Thighbone Fracture

The thighbone (femur) is the longest and the strongest bone in the body. To break the thighbone across its length (shaft) takes a great deal of force, as might occur in a motor vehicle accident or a fall from a high place. Because of this, a broken thighbone is often associated with potentially life-threatening injuries to other body systems. In children younger than 3 years of age, a thighbone fracture is often an indicator of abuse.

Diagnosis

A broken thighbone is usually obvious, even if the bone does not break through the skin. Severe pain, inability to move the leg, deformity and swelling are characteristic. The injured thigh may be shorter than the uninjured one because the strong thigh muscles may force the broken edges of bone out of alignment (displacement). The injury may disrupt the rich blood supply to the muscles of the thigh, resulting in extensive bruising and loss of blood.

If the fracture resulted from high-energy trauma such as a motor vehicle accident, the patient might not be conscious and may have other injuries. It is important that emergency medical personnel tend to the injury and transport the individual to a hospital.

The physician will examine the injury and evaluate the circulatory and nervous systems, as well as the fracture. Several X-rays may be required, including the leg, knee, hip and pelvis, to determine the extent of injury to the adjacent joints.

Treatment

As with all broken bones, a broken thighbone will need to be “reduced” or returned to alignment and immobilized until it heals.
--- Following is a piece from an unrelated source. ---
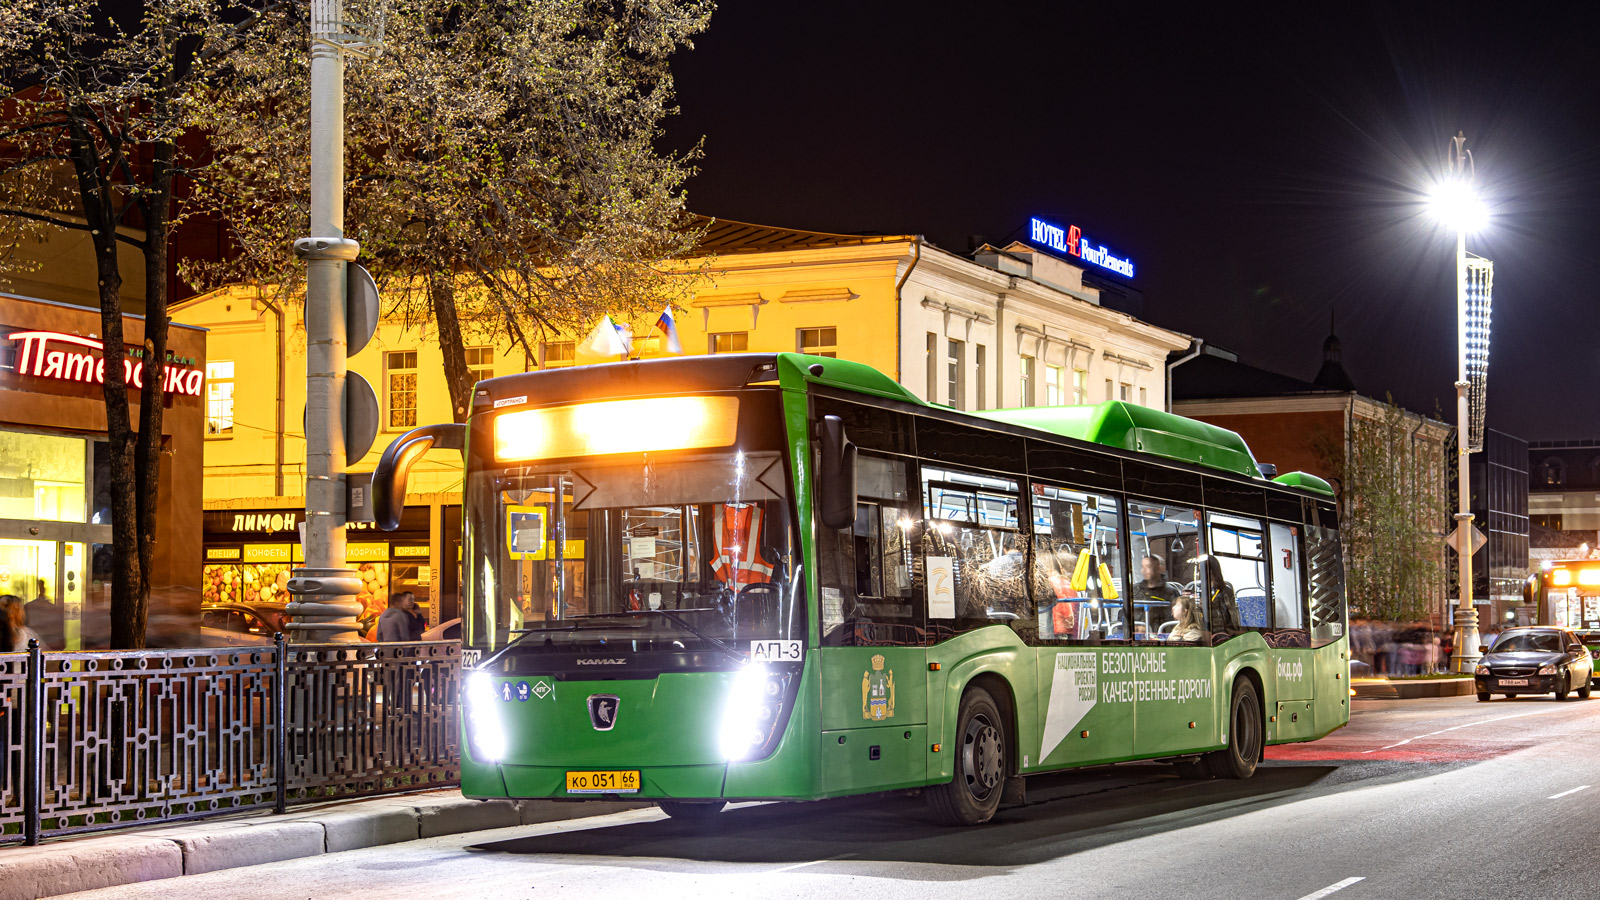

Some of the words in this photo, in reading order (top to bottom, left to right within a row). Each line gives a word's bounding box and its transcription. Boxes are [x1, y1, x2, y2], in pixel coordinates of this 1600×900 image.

There are several methods that can be used, depending on the patient’s degree of skeletal maturity, the amount of displacement, the type of break and the presence of associated injuries. If you are the parent of a child with a broken thighbone, ask your orthopaedic surgeon which option he or she recommends and why.
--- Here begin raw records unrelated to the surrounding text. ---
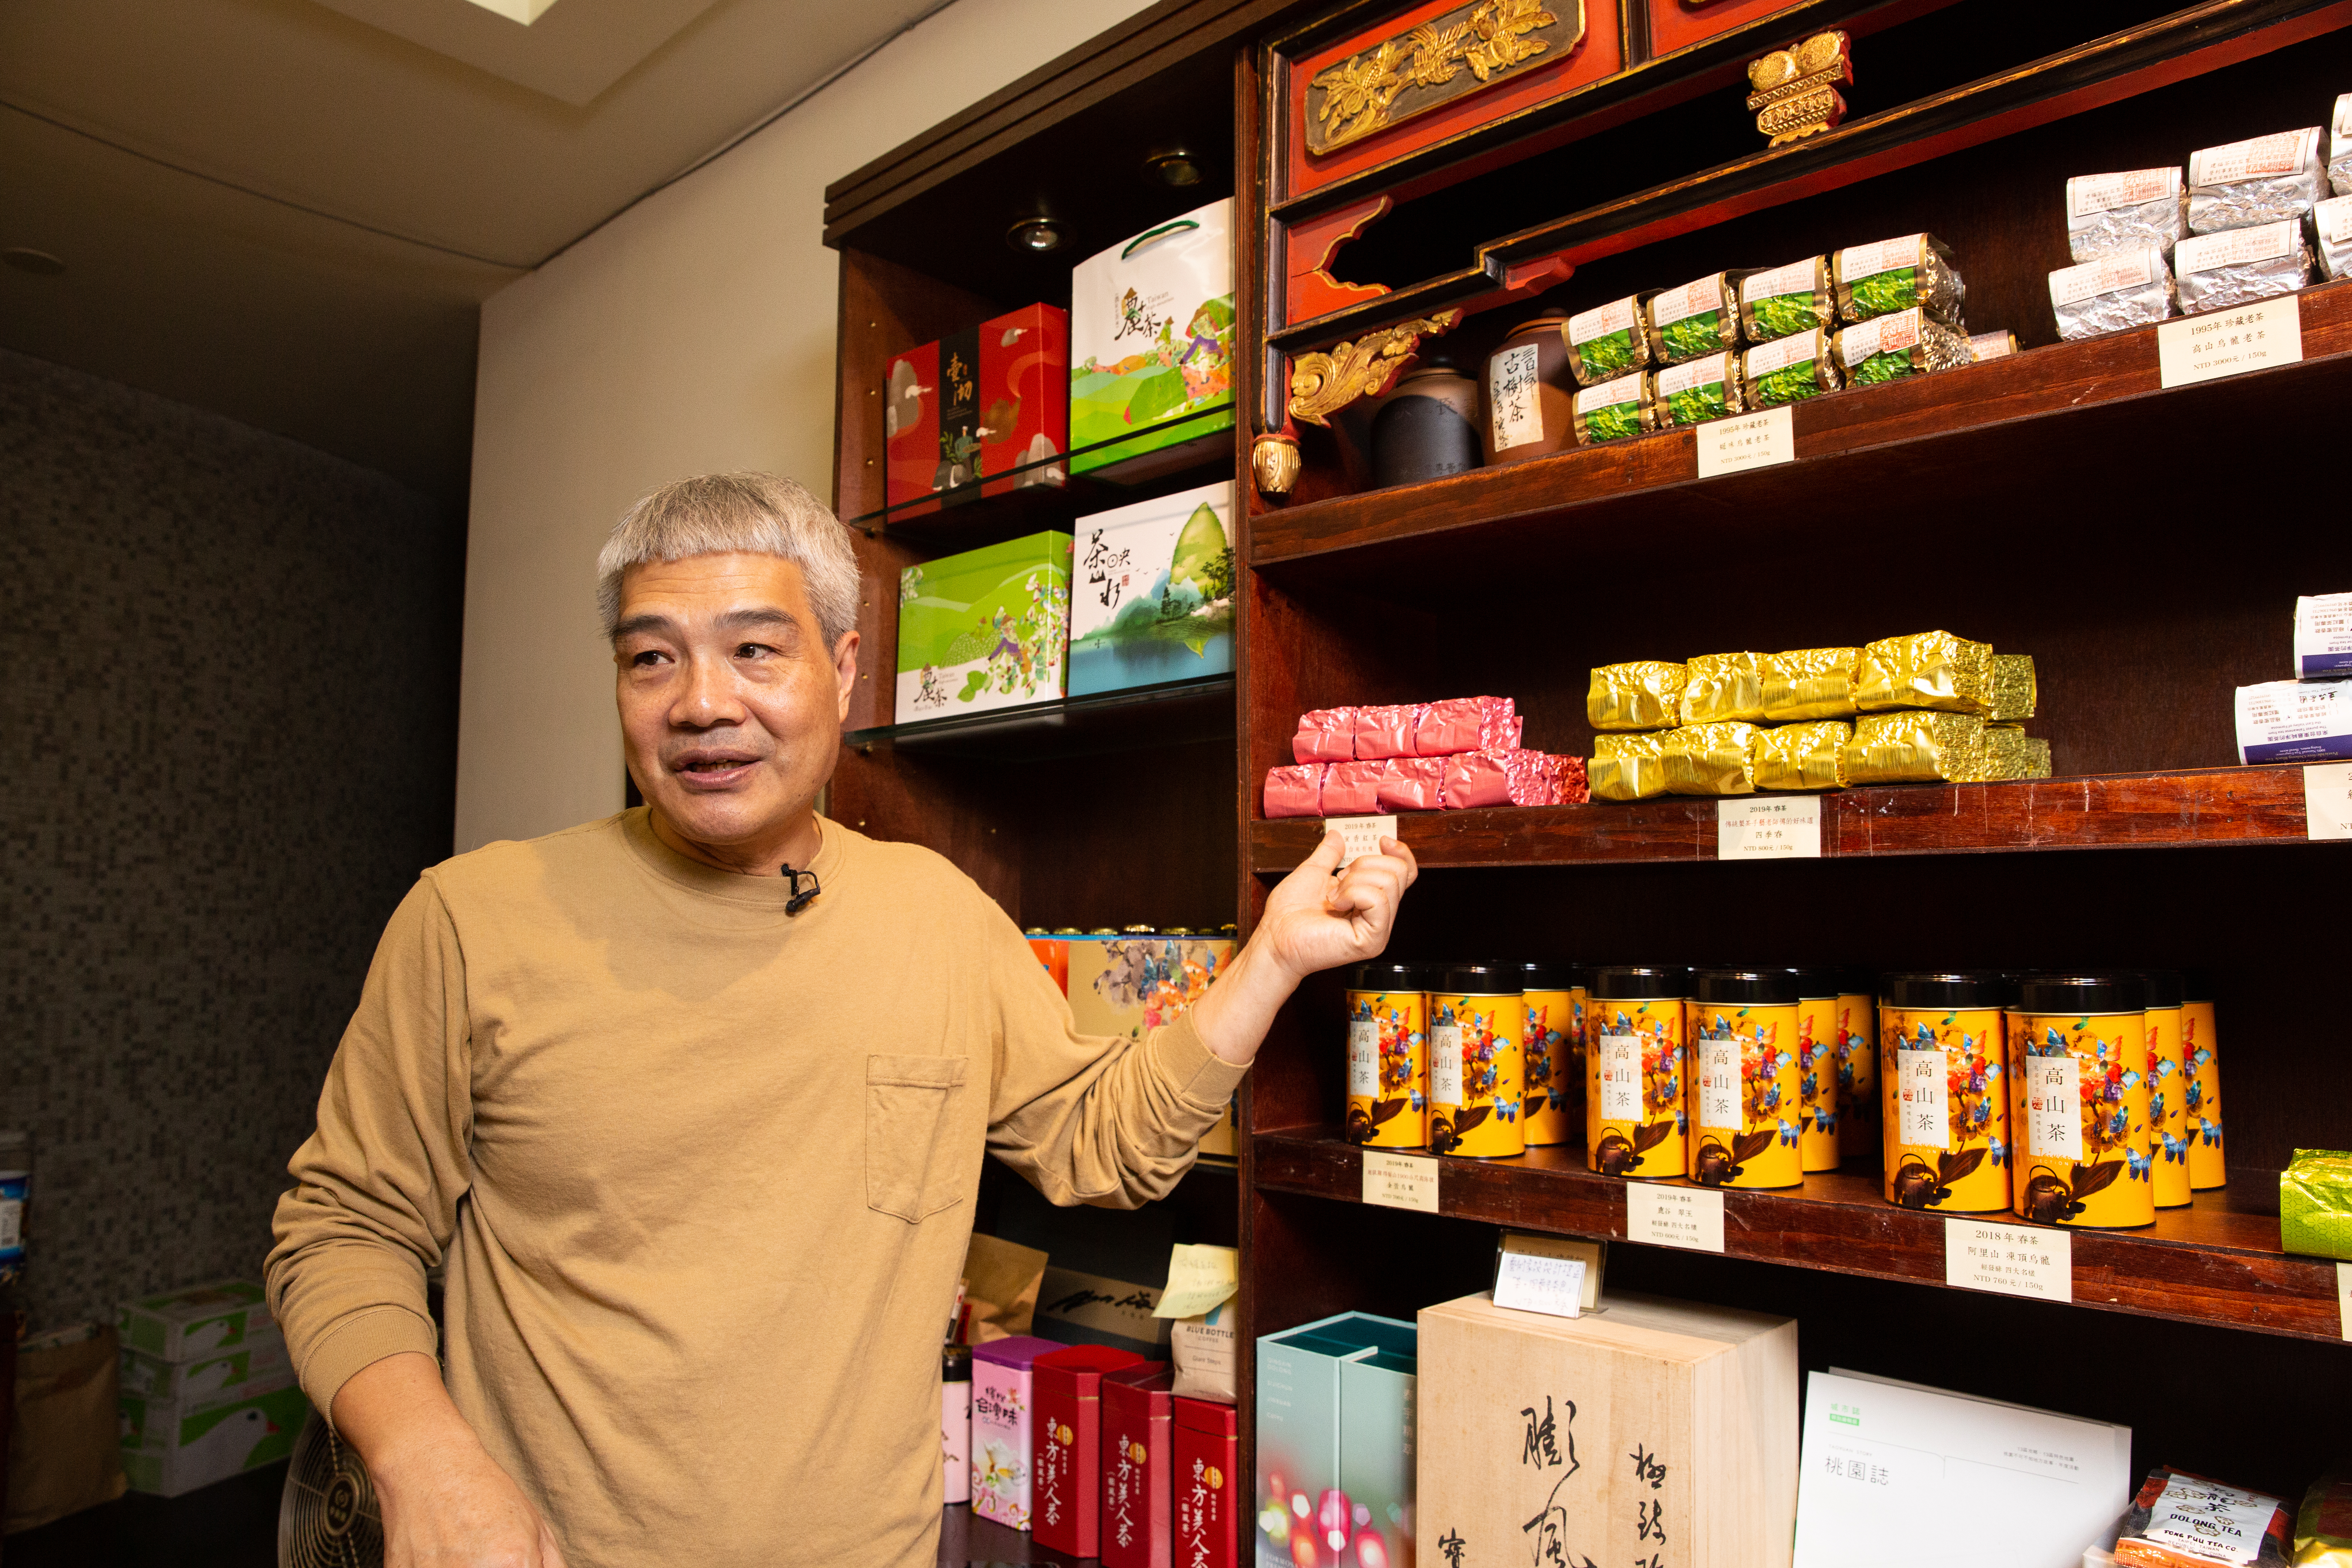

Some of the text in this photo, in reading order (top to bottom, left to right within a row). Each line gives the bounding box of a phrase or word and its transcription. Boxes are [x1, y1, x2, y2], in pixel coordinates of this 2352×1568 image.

[2191, 312, 2264, 335] 1995年 珍藏老茶
[2192, 331, 2265, 354] 高山烏龍老茶
[1521, 347, 1537, 400] 三百年
[2194, 362, 2210, 370] NTD
[2213, 356, 2239, 366] 3000元
[1503, 353, 1527, 423] 古樹茶
[1720, 419, 1769, 435] 1995年 珍藏老茶
[2267, 730, 2328, 742] 來自台東最純淨的茶園
[1725, 817, 1814, 828] 傳統製茶手藝老師傅的好味道
[1345, 834, 1377, 842] 蜜香紅茶
[1756, 830, 1782, 839] 四季春
[1359, 1029, 1369, 1084] 高山茶
[1440, 1034, 1451, 1091] 高山茶
[1615, 1045, 1630, 1106] 高山茶
[1713, 1049, 1728, 1114] 高山茶
[1915, 1060, 1934, 1130] 高山茶
[2045, 1067, 2065, 1141] 高山茶
[1898, 1145, 1936, 1154] SELECTION
[2038, 1147, 2073, 1160] Taiwan
[2027, 1157, 2069, 1166] SELECTION
[1976, 1230, 2000, 1240] 2018
[2017, 1234, 2038, 1245] 春茶
[1968, 1246, 2050, 1265] 阿里山 凍頂烏龍
[1981, 1263, 2002, 1272] 輕發酵
[2025, 1282, 2043, 1291] 150g
[1186, 1325, 1235, 1339] BLUE BOTTLE
[976, 1397, 1018, 1426] 台灣味
[1044, 1417, 1061, 1526] 東方美人茶
[1825, 1456, 1889, 1485] 桃園誌
[1115, 1434, 1134, 1548] 東方美人茶
[1189, 1457, 1210, 1568] 東方美人茶
[2170, 1514, 2242, 1537] OOLONG TEA
[2168, 1540, 2195, 1551] REPUBLIC
[2187, 1535, 2204, 1544] PUU
  • Traction. Traction is the traditional method of treating thighbone fractures. The leg is placed in a cast and sticky tape (skin traction) or a metal pin (skeletal traction) is used to attach a series of strings that connect to weights. X-rays are used to monitor the position of the bone so that the traction can be adjusted. Although traction is effective, it requires a lengthy hospital stay. Because research has confirmed the importance of early mobility in reducing complications and promoting successful healing, other methods of fixation are now more popular than traction.
  • Casting. Very young children (under 8 years of age, depending on their size and weight) with an isolated fracture to the shaft of the thighbone can be treated with casting. A spica cast, which goes up over the hips and includes the other leg, may be used. A child with a spica cast can be cared for at home.
  • Plating. In some cases, the surgeon may apply a metal plate to the side of the thighbone across the break. The plate is held in place with screws. The plate helps bear weight and makes early mobilization possible. However, the plate may also shield the bone from stress, which is not necessarily a good thing. Because some stress on the bone is necessary to strengthen it as it heals, this stress-shielding may leave the bone with a residual weakness. This generally disappears as the patient resumes normal activities. However, one concern is that when the plate is removed, the still-weakened bone may break again, but this is an infrequent occurrence. Plate-and-screw fixation can be an ideal choice for a patient with open growth plates or a nerve injury.
  • External fixation. Although less frequently used for thighbone fractures, external fixation is an option if there are severe soft-tissue injuries along with the fracture. A frame around the leg is attached to the bone with pins. This has the advantage of allowing early mobilization, but caring for the pin insertions is difficult and infections are common. Nevertheless, external fixation may be appropriate for children with open growth plates and for patients with contaminated wounds.
  • Internal intramedullary fixation. Internal intramedullary fixation (placing a rod inside the bone) is usually recommended for people who have attained skeletal maturity. The thighbone is like a tube, with a soft center surrounded by hard (cortical) bone. During a surgical procedure, a special rod (intramedullary nail) is inserted into the thighbone. The insertion may be near the hip or just above the knee. The rod extends into the middle of the bone and across the fracture site. It is locked in place with screws that pass through the bone and across the rod. This enables early movement and good stabilization of the fracture. After the fracture heals, the nail is removed.

 Complications

A broken thighbone is a serious injury that takes a long time (3 to 6 months) to heal. Any delay in diagnosis or treatment could result in problems later. A child who has a thighbone fracture should be watched carefully and any changes in condition should be brought to the physician’s attention immediately. Oddly enough, because of the plentiful blood supply to the thighbone, the injured leg may grow longer than the uninjured one in some children. If, however, the bone is not properly aligned, the opposite could occur, with the injured leg being shorter.

A fracture that breaks the skin (open fracture) is susceptible to infection. In high-energy trauma cases, other injuries (including injury to the muscles and nerves around the thighbone) may make treating the fracture difficult.